__RAW DATA__
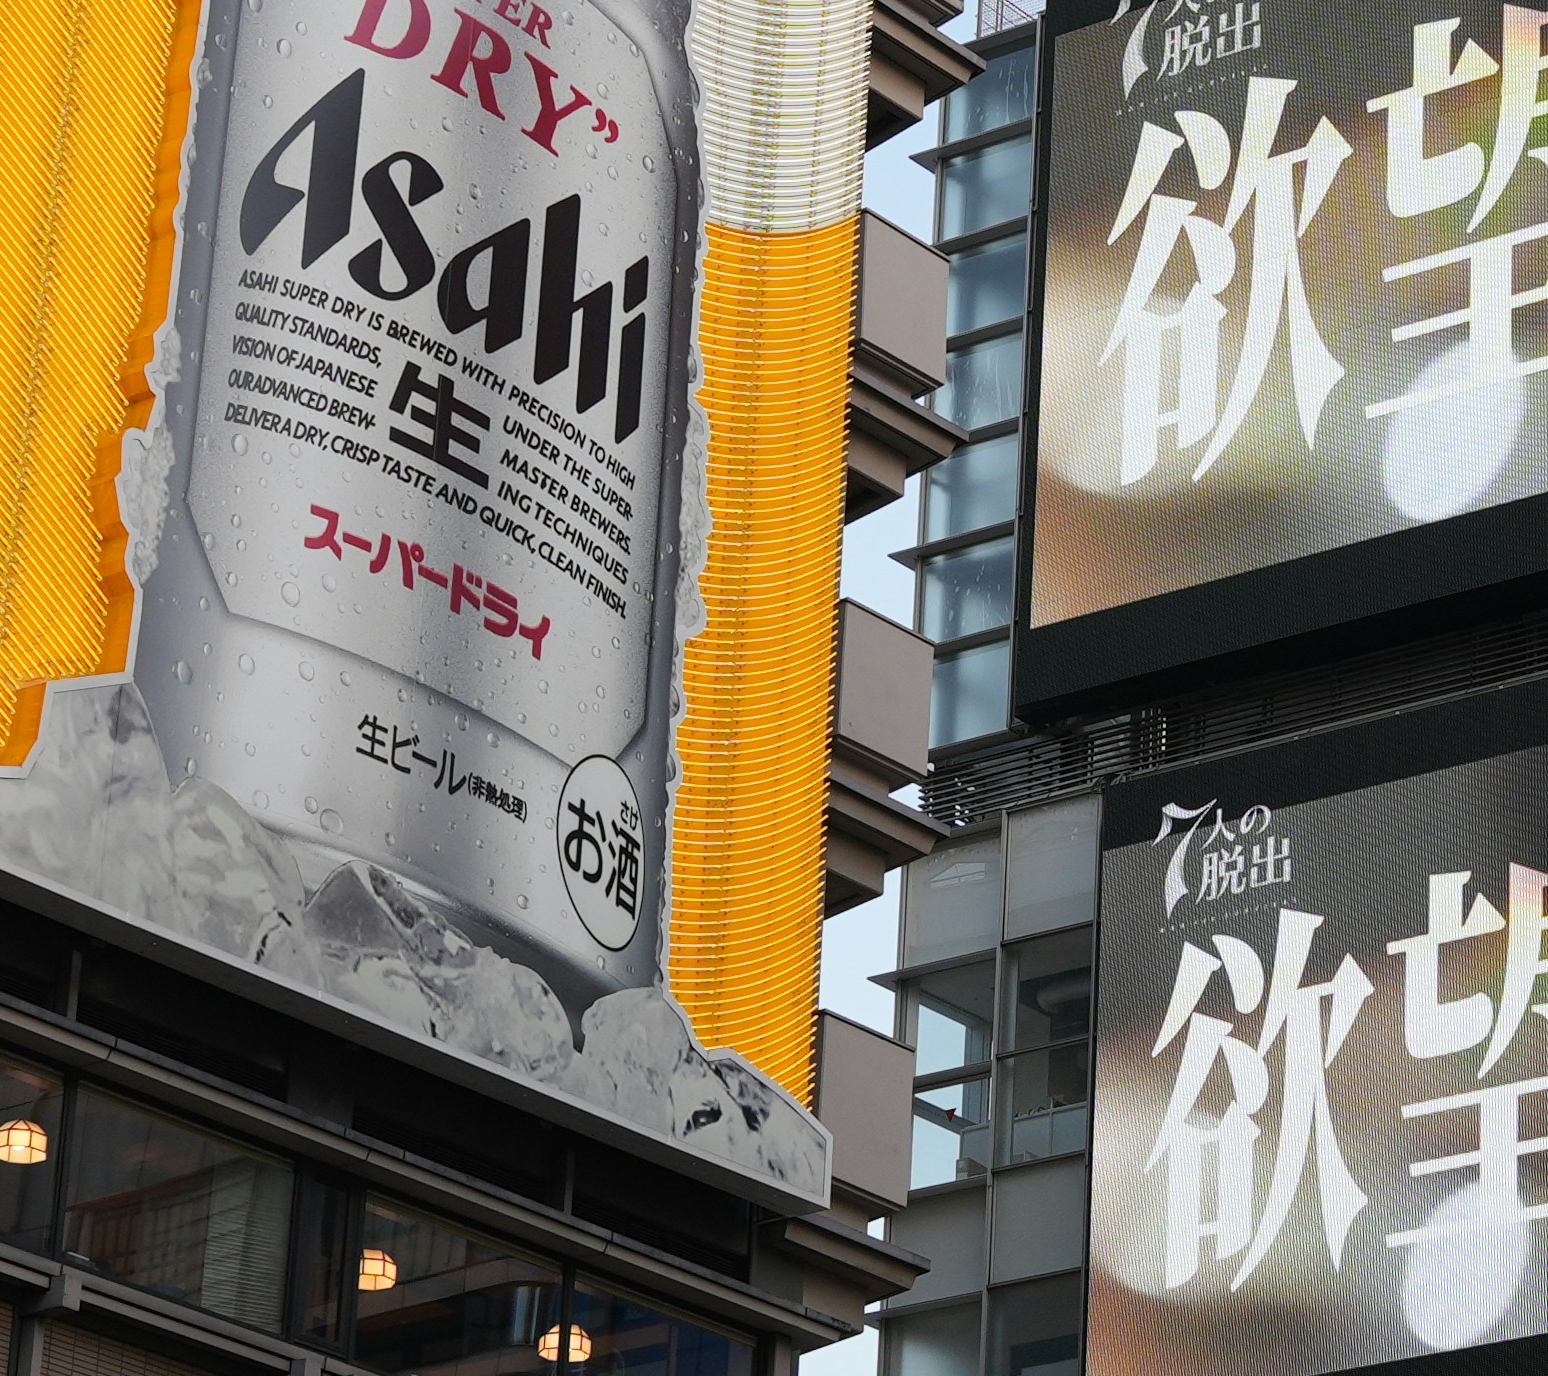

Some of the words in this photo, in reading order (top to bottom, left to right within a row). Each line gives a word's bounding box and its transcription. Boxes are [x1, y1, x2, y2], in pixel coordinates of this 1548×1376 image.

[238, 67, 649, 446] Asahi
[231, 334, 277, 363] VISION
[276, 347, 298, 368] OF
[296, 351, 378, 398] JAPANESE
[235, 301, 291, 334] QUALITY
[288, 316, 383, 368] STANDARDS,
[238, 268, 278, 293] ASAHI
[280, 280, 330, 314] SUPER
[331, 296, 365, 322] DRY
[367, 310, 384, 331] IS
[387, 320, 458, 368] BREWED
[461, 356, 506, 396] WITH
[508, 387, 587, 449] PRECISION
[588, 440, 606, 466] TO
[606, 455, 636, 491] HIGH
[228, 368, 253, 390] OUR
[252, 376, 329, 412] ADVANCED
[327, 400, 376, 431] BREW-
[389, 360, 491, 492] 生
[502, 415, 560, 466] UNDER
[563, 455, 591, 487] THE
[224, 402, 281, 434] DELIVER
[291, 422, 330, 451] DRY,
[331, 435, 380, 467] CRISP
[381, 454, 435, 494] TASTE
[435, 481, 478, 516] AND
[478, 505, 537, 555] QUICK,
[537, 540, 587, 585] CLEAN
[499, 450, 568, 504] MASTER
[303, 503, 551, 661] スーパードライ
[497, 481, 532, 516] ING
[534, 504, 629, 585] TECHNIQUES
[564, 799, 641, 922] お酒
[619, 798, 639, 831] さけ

__TASK GOAL__
Line by line, write out the material exactly, leaving the images out.

__RESPONSE AREA__
Some of the words in this photo, in reading order (top to bottom, left to right within a row). Each line gives a word's bounding box and its transcription. Boxes are [x1, y1, x2, y2], in pixel coordinates of this 1548×1376 image.

[238, 67, 649, 446] Asahi
[231, 334, 277, 363] VISION
[276, 347, 298, 368] OF
[296, 351, 378, 398] JAPANESE
[235, 301, 291, 334] QUALITY
[288, 316, 383, 368] STANDARDS,
[238, 268, 278, 293] ASAHI
[280, 280, 330, 314] SUPER
[331, 296, 365, 322] DRY
[367, 310, 384, 331] IS
[387, 320, 458, 368] BREWED
[461, 356, 506, 396] WITH
[508, 387, 587, 449] PRECISION
[588, 440, 606, 466] TO
[606, 455, 636, 491] HIGH
[228, 368, 253, 390] OUR
[252, 376, 329, 412] ADVANCED
[327, 400, 376, 431] BREW-
[389, 360, 491, 492] 生
[502, 415, 560, 466] UNDER
[563, 455, 591, 487] THE
[224, 402, 281, 434] DELIVER
[291, 422, 330, 451] DRY,
[331, 435, 380, 467] CRISP
[381, 454, 435, 494] TASTE
[435, 481, 478, 516] AND
[478, 505, 537, 555] QUICK,
[537, 540, 587, 585] CLEAN
[499, 450, 568, 504] MASTER
[303, 503, 551, 661] スーパードライ
[497, 481, 532, 516] ING
[534, 504, 629, 585] TECHNIQUES
[564, 799, 641, 922] お酒
[619, 798, 639, 831] さけ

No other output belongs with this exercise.